Les pays africains peuvent accroître les recettes de l’État de 12% à 20 % en adoptant un cadre politique qui renforcera la collecte des recettes, notamment grâce à la numérisation des économies africaines – celle-ci pouvant accroître la mobilisation des recettes de 6%, selon le rapport économique sur l’Afrique, publication phare de la Commission économique pour l’Afrique des Nations unies (CEA). « La numérisation peut élargir la base fiscale en permettant d’identifier les contribuables et en les aidant à respecter leurs obligations fiscales. En améliorant les déclarations d’imposition et la gestion des impôts, elle donne à l’État la possibilité de mobiliser davantage de recettes. Les systèmes d’identification numérique apportent des gains d’efficacité qui pourraient économiser aux contribuables et à l’État jusqu’à 50 milliards de dollars par an d’ici à 2020. », note-t-on.

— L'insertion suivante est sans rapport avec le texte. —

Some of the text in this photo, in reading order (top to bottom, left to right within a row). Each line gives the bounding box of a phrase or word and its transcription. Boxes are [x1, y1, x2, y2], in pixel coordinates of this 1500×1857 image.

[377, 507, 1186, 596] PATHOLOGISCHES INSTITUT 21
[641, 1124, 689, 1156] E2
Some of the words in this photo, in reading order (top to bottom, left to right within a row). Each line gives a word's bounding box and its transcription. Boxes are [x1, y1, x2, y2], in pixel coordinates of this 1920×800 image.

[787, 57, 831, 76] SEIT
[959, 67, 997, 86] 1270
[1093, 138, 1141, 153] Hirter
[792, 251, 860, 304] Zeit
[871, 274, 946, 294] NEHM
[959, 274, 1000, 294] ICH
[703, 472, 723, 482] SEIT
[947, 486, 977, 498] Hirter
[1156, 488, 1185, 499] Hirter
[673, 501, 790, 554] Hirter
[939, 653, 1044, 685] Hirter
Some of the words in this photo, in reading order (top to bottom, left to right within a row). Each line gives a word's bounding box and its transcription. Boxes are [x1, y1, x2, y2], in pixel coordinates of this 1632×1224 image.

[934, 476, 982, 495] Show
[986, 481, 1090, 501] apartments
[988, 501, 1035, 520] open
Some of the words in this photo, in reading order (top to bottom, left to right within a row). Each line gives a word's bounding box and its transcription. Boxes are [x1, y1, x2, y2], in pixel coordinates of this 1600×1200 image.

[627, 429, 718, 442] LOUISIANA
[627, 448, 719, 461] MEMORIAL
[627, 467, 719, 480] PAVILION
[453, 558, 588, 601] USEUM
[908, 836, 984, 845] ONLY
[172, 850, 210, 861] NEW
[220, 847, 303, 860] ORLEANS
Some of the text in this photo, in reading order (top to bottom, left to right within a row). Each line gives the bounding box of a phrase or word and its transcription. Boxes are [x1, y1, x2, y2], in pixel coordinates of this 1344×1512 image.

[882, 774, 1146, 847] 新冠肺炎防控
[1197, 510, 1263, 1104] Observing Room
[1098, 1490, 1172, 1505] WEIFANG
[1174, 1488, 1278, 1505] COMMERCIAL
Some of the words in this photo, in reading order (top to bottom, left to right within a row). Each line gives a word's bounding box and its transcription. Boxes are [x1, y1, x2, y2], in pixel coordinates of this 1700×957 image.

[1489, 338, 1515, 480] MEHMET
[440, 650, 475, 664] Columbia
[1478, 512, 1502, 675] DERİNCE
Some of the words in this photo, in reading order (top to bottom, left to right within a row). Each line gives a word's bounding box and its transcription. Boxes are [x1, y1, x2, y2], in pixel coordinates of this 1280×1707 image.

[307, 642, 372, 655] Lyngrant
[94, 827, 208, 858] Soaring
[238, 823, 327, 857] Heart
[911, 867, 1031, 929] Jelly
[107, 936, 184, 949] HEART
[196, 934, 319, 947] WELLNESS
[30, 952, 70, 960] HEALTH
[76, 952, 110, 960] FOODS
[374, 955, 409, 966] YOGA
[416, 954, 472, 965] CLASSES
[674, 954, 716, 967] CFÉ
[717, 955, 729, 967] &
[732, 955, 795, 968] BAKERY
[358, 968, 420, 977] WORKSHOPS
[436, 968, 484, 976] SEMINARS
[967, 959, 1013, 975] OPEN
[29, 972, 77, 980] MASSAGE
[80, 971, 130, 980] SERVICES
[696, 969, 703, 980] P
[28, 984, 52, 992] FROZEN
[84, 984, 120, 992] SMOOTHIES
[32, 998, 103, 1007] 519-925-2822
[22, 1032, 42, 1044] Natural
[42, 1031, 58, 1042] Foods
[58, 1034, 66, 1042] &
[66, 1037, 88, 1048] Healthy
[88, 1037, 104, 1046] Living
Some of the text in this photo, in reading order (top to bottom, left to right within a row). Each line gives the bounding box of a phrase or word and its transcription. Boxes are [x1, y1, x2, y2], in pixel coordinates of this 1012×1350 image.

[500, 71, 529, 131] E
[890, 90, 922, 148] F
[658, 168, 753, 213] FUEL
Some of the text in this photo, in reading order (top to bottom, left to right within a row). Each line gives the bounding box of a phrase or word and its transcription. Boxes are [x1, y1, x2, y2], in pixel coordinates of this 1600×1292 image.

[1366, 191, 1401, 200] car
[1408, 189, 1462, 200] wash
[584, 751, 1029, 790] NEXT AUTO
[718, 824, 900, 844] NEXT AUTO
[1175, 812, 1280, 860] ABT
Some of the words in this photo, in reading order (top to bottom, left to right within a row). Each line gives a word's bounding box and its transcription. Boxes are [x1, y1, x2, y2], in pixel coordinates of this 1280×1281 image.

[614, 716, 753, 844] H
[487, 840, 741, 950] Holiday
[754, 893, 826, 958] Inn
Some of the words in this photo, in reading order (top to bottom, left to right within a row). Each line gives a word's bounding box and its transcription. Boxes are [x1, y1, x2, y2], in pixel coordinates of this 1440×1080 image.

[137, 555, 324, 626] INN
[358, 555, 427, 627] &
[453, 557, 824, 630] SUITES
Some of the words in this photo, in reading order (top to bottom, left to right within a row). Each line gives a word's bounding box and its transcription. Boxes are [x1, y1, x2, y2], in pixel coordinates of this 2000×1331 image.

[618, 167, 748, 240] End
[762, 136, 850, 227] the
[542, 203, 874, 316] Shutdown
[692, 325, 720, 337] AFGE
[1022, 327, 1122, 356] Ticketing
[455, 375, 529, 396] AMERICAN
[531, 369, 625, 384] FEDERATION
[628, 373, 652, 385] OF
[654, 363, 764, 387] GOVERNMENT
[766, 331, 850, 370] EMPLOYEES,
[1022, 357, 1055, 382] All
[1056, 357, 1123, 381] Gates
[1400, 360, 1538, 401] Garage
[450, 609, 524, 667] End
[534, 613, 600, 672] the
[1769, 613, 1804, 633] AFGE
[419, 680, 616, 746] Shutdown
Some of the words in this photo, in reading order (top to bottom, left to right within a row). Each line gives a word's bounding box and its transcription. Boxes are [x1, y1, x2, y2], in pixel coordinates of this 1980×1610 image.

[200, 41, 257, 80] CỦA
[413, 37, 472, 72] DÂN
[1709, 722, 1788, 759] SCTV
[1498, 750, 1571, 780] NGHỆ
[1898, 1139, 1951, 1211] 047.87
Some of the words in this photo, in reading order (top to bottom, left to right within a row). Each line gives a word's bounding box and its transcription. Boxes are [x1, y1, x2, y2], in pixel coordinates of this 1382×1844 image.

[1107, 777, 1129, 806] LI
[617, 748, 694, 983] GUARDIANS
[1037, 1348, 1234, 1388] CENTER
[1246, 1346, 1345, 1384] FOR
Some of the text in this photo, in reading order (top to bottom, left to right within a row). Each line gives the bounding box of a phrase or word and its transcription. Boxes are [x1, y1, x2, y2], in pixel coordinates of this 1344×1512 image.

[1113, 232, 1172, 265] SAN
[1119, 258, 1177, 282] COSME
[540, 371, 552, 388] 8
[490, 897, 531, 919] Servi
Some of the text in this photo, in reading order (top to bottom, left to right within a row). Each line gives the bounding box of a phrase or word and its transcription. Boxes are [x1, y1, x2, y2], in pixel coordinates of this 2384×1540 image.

Aux yeux de Vera Songwe, secrétaire exécutive de la CEA, le rapport identifie plusieurs moyens de financer son développement accéléré grâce à la hausse des recettes fiscales. « Il aborde également le rôle clé que joue la politique fiscale pour attirer les investissements et permettre une politique sociale, notamment le soutien aux petites et moyennes entreprises dirigées par des jeunes et des femmes», explique-t-il dans un communiqué. Pour beaucoup de pays, le financement demeure le principal obstacle, le deuxième étant la mise en œuvre des capacités.